野球クロスロードBACK NUMBER
進化を続ける走塁のスペシャリスト。
巨人・鈴木尚広が語る代走の醍醐味。
text by
田口元義Genki Taguchi
photograph byNIKKAN SPORTS
posted2015/02/24 11:50
キャンプ休日に清水宏保氏(右)とトレーニングを行なう鈴木尚広。一度も規定打席に到達せずに200盗塁を達成した初の選手で、200盗塁達成時点での盗塁成功率は.820に上っている。
「『自分の世界に引き込んでやろう』と考えてる」
鈴木は今でも進化し続けている。
新たなトレーニングを導入した。さらに走塁技術が高くなるに違いない――。中日の谷繁元信がマスクを被るだけで、「どんなリードをしてくるのか?」と勝手に意識してくれるように、鈴木の足もまた、相手に自然と恐怖心を植え付けるのだ。
先日のオープン戦での広島バッテリーの執拗な警戒心が、まさにそうだったではないか。
鈴木はこうも言っていた。
「『自分の世界に引き込んでやろう』とは考えています。
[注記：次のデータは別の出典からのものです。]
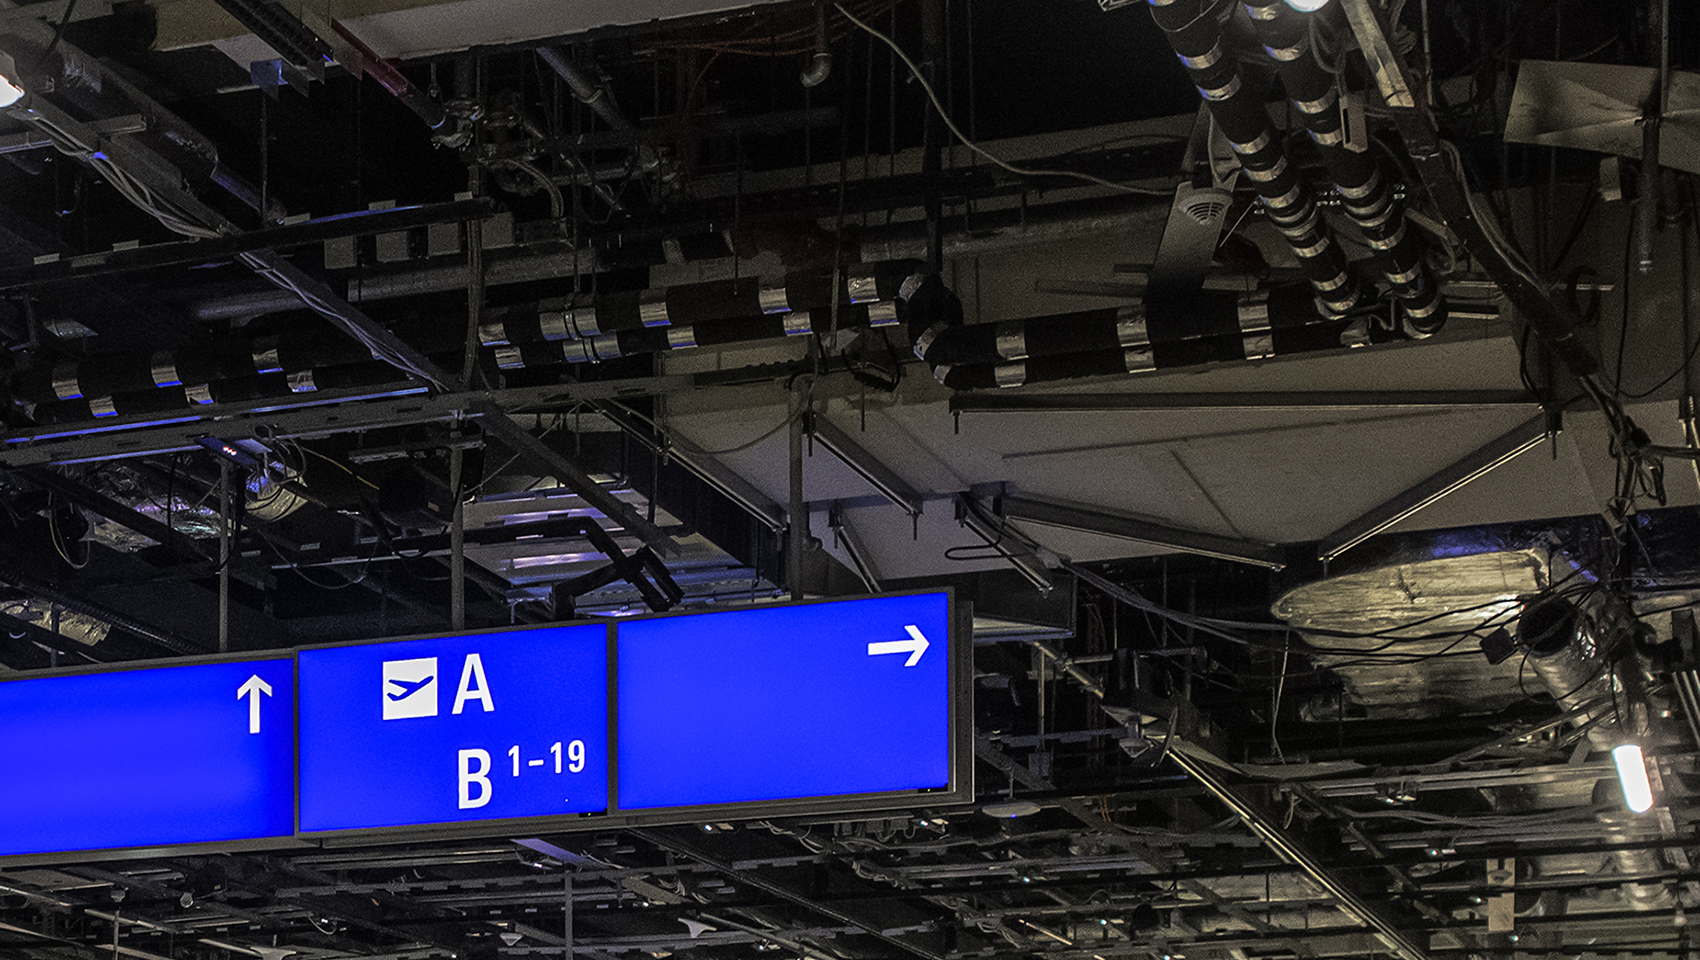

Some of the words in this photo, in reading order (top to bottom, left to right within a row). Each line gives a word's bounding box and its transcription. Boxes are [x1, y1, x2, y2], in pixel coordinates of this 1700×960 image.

よく、『ピッチャーが投げないと始まらない』と言うじゃないですか。その時点で相手のペースになっているんで、スタートに一瞬の遅れが生じてしまうんです。だから、常に『鈴木が出てきて嫌だな』と思わせたいんですよね。ピッチャーも相手ベンチも、球場全体を自分の世界に引き込んで勝負したいんです」
技術を高めた鈴木が塁上にいるだけで相手チームはうろたえる。
今年もまた、走塁のスペシャリストがグラウンドを支配し、巨人を勝利へと導く。